The Office of University Retention has launched an initial student academic advisement module as well as a career development initiative.
The initiative was created to help students focus on career choices and realize their strengths and weaknesses, according to Brenda Spencer, director of University Retention.
“I feel very positive that things are moving forward,” Spencer said.
FAMU offers nearly 100 degree programs, including bachelor’s, master’s, professional and doctoral degrees. Yet, the graduation rate remains low.
There are various reasons students fall short academically. Financial constraints and worries play a role in a student’s success in college. This is a problem some students have seen fellow students deal with.
“The reason why I think it’s that number is because it can be due to financial reasons,” said Tarre Stanley, a fourth-year biology student from Miami.
Stanley said it can be exhausting to juggle working and going to school at the same time.

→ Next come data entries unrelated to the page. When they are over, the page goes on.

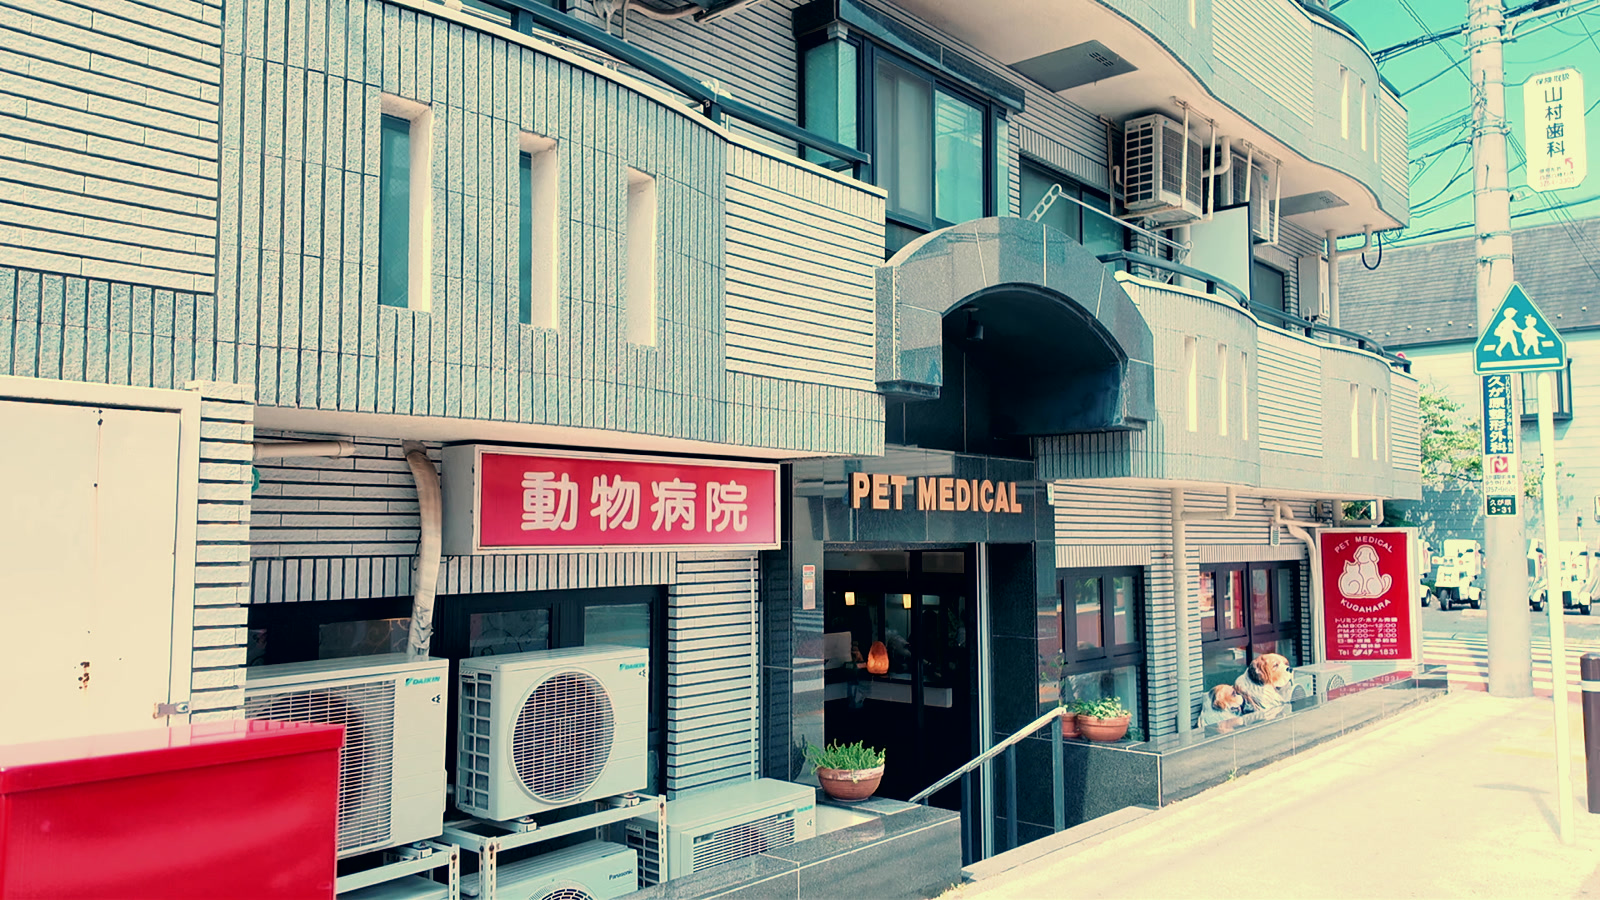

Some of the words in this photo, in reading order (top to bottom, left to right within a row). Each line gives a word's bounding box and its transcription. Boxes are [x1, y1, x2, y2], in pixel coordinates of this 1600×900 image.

[1544, 86, 1565, 158] 山村歯科
[1487, 375, 1507, 453] 久が原整形外科
[851, 472, 907, 510] PET
[917, 476, 1023, 513] MEDICAL
[520, 471, 748, 533] 動物病院
[1489, 498, 1512, 507] 久が原
[1491, 506, 1511, 514] 3-31
[1334, 539, 1350, 553] PET
[1354, 535, 1393, 553] MEDICAL
[1340, 598, 1391, 613] KUGAHARA
[1338, 648, 1350, 656] Tel
[412, 675, 441, 685] DAIKIN
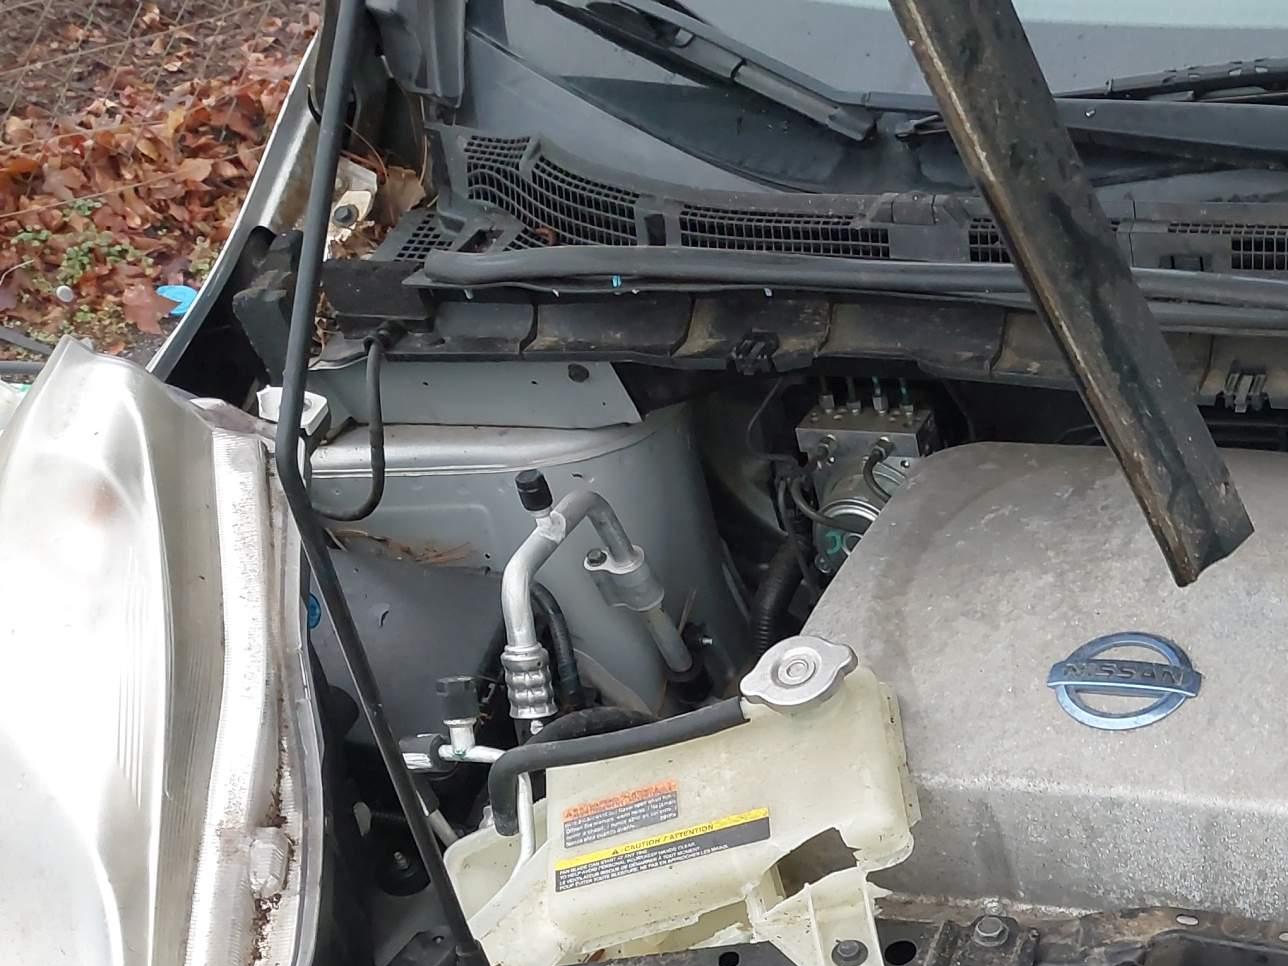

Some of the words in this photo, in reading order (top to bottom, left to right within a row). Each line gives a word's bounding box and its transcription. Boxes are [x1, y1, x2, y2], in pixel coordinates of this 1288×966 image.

[1063, 662, 1185, 686] NISSAN
[623, 837, 660, 851] CAUTION
[669, 823, 713, 839] ATTENTION
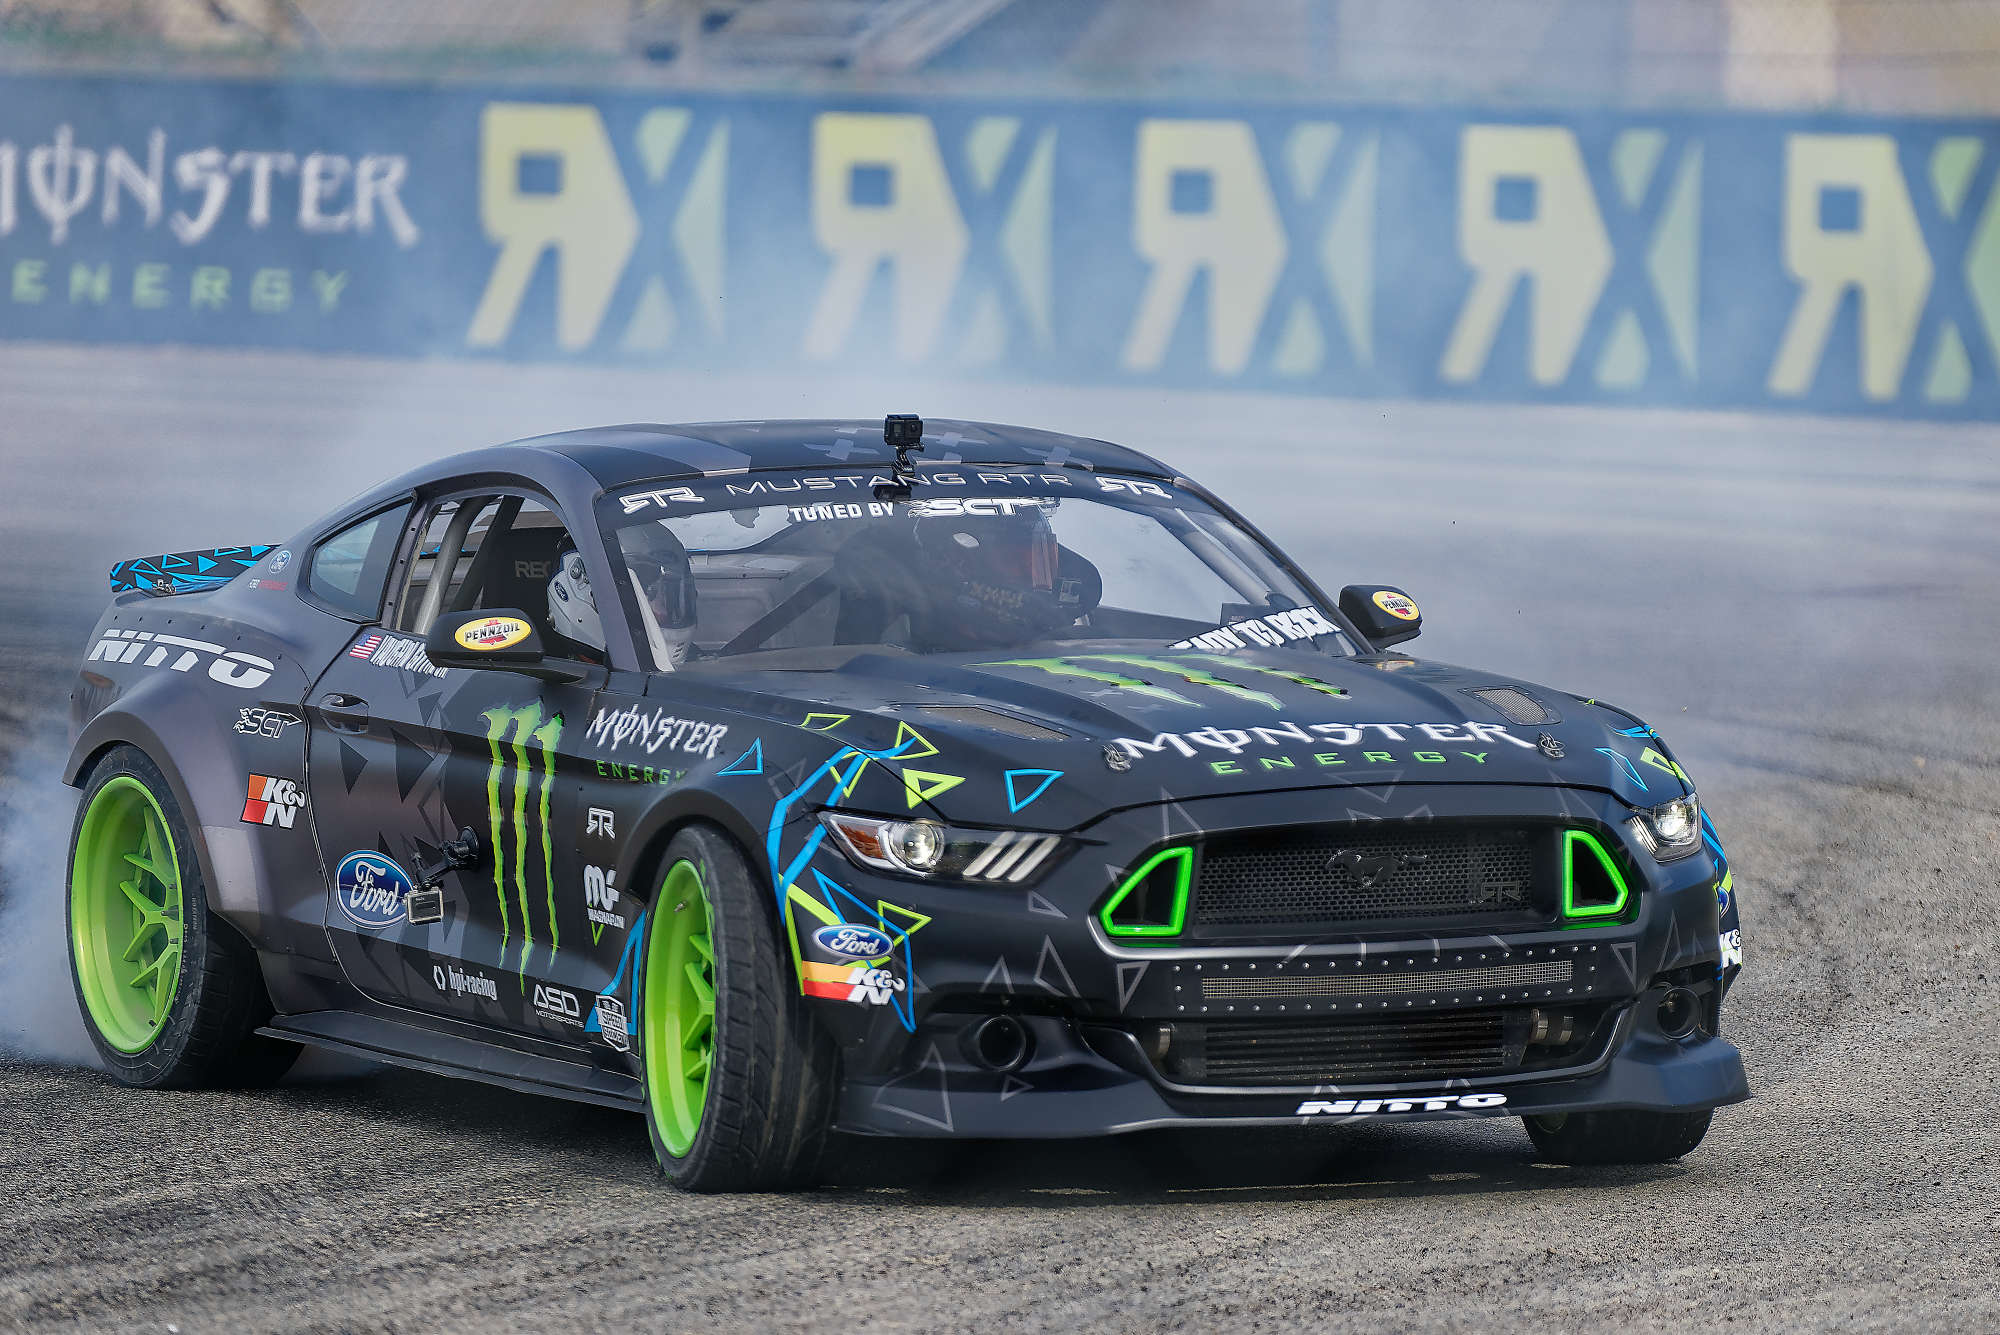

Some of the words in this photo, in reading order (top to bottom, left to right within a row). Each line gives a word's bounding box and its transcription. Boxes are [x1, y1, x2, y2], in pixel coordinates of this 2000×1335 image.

[11, 259, 349, 314] ENERGY
[726, 473, 967, 496] MUSTANG
[977, 472, 1074, 486] RTR
[788, 502, 863, 522] TUNED
[870, 501, 896, 517] BY
[464, 621, 521, 643] PENNZOIL
[87, 628, 275, 689] NITTO
[237, 708, 294, 738] SCT
[596, 759, 688, 785] ENERGY
[1209, 750, 1489, 776] ENERGY
[350, 860, 400, 916] Ford
[830, 928, 881, 955] Ford
[448, 964, 498, 1001] hpi-racing
[535, 1009, 585, 1029] MOTORSPORTS
[1296, 1093, 1508, 1115] NITTO
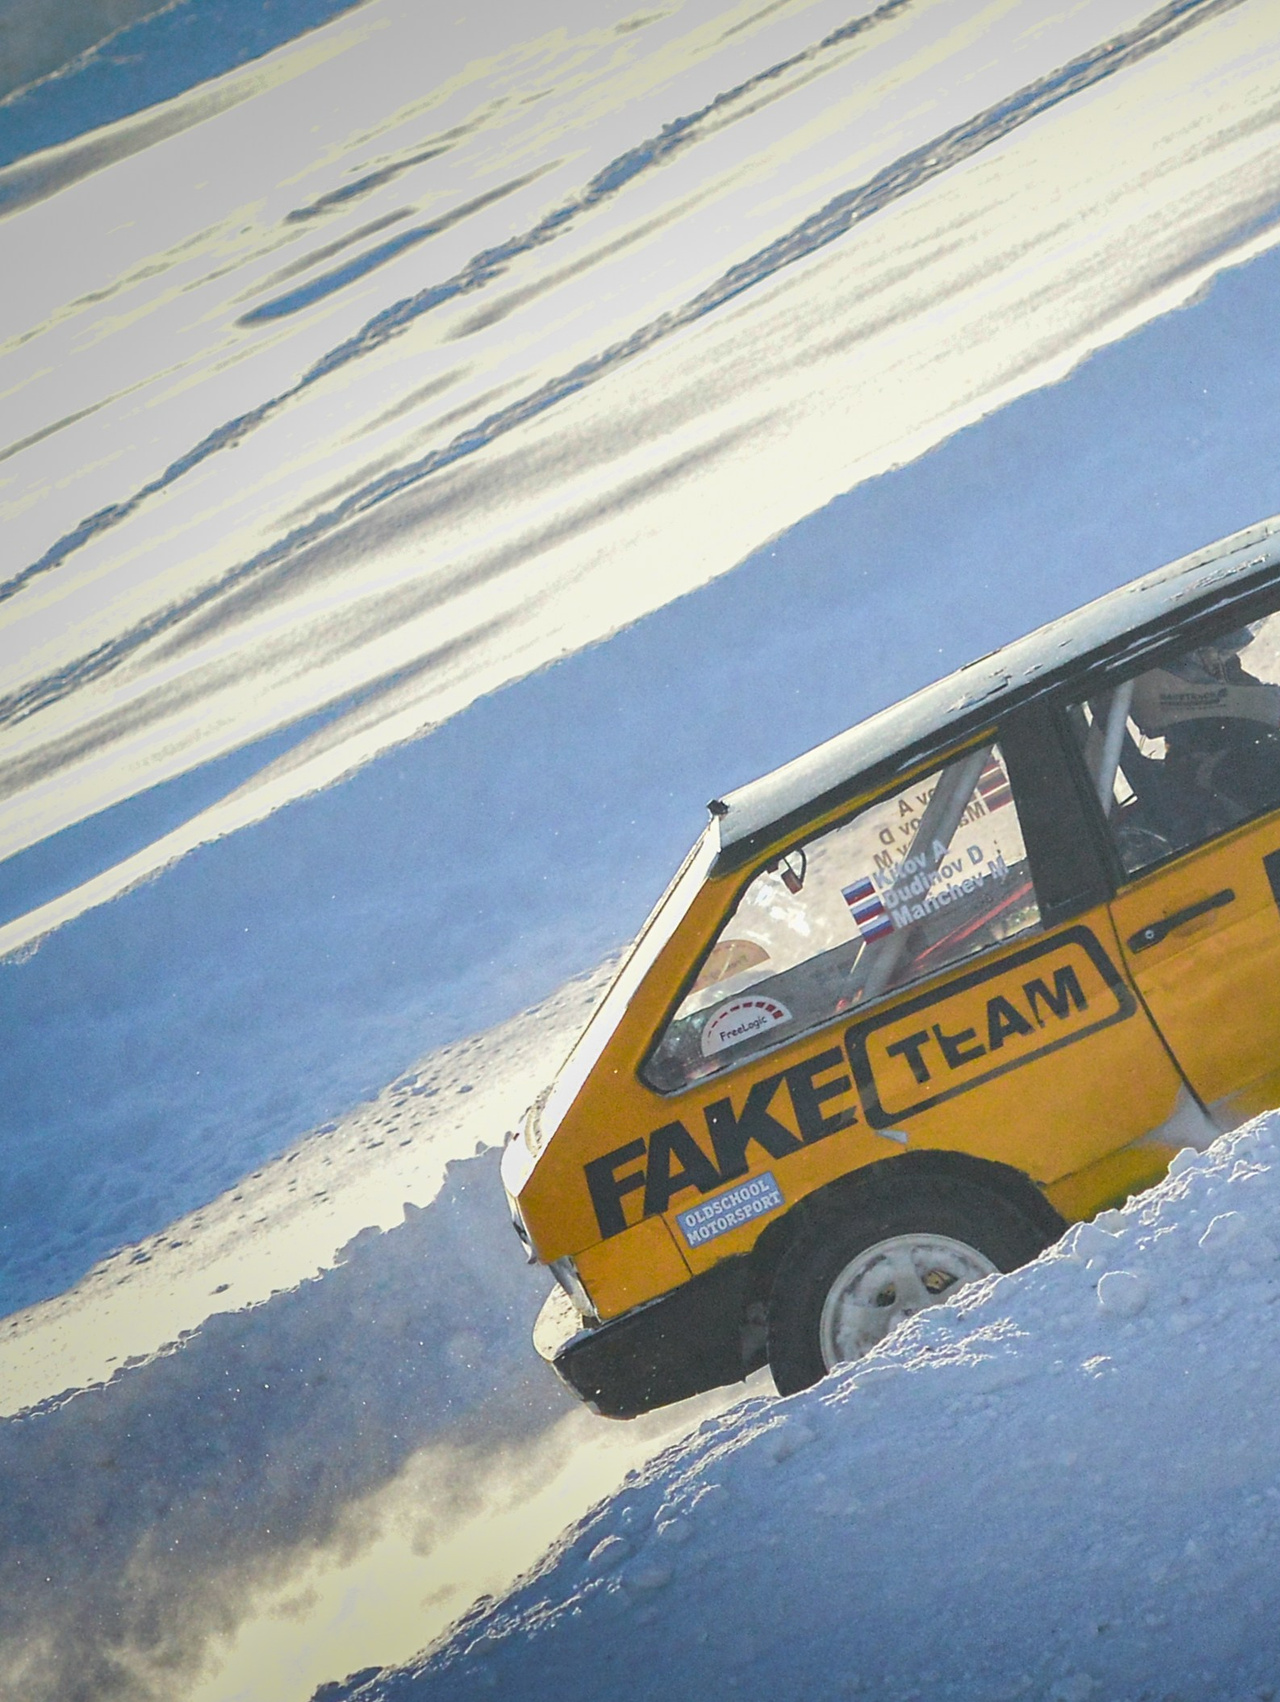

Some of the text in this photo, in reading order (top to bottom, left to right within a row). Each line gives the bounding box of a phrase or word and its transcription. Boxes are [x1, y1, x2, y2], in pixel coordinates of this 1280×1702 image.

William Hudson Jr., vice president of Student Affairs, said students have a fear of general real-world issues and some students try to take on too much at one time.
“Students also try to extend their undergraduate tenure to enroll in a major that they have not met the minimum criteria,” Hudson said. “They take extra courses to try to enter into limited access majors, i.e. pharmacy or nursing.”
Hudson believes having a strong support system is vital to making it through college. An important thing Hudson said he faced while attending FAMU was learning to balance his time and make sacrifices for what was important.
“For me, I would say I had to mature and take my education seriously,” Hudson said. “I have mentors that truly encouraged me and friends who spoke truthfully about what I was not doing to apply myself.”